* Records for the exercise:
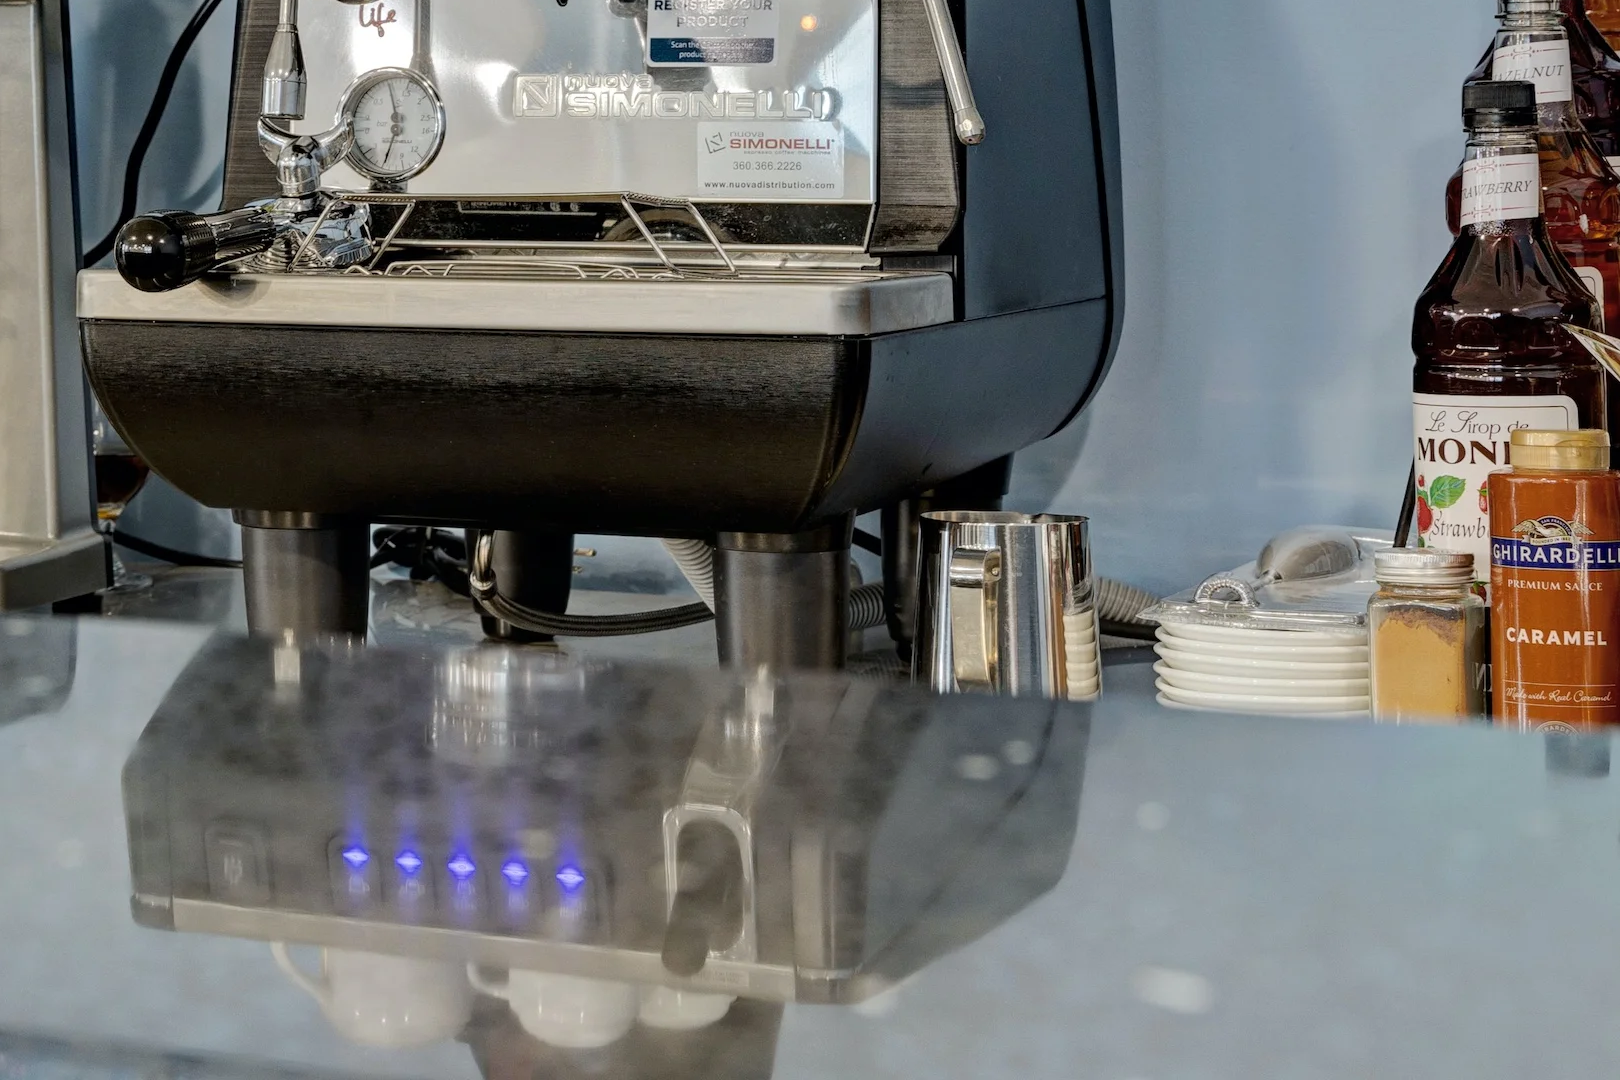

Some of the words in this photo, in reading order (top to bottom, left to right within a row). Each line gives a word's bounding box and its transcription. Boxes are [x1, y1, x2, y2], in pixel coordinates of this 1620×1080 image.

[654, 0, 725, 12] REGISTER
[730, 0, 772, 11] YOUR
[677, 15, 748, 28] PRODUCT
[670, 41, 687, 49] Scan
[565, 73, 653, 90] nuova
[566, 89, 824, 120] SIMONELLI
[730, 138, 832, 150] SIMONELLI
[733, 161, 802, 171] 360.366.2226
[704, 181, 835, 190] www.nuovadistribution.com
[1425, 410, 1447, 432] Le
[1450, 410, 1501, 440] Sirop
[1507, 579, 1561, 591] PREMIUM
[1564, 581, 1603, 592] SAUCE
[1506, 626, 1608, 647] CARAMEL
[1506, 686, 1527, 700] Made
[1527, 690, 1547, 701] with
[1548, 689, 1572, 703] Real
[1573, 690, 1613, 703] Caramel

* Exercise:
Print the entries above exactly, taking out only the pictures.

* Response box:
Some of the words in this photo, in reading order (top to bottom, left to right within a row). Each line gives a word's bounding box and its transcription. Boxes are [x1, y1, x2, y2], in pixel coordinates of this 1620×1080 image.

[654, 0, 725, 12] REGISTER
[730, 0, 772, 11] YOUR
[677, 15, 748, 28] PRODUCT
[670, 41, 687, 49] Scan
[565, 73, 653, 90] nuova
[566, 89, 824, 120] SIMONELLI
[730, 138, 832, 150] SIMONELLI
[733, 161, 802, 171] 360.366.2226
[704, 181, 835, 190] www.nuovadistribution.com
[1425, 410, 1447, 432] Le
[1450, 410, 1501, 440] Sirop
[1507, 579, 1561, 591] PREMIUM
[1564, 581, 1603, 592] SAUCE
[1506, 626, 1608, 647] CARAMEL
[1506, 686, 1527, 700] Made
[1527, 690, 1547, 701] with
[1548, 689, 1572, 703] Real
[1573, 690, 1613, 703] Caramel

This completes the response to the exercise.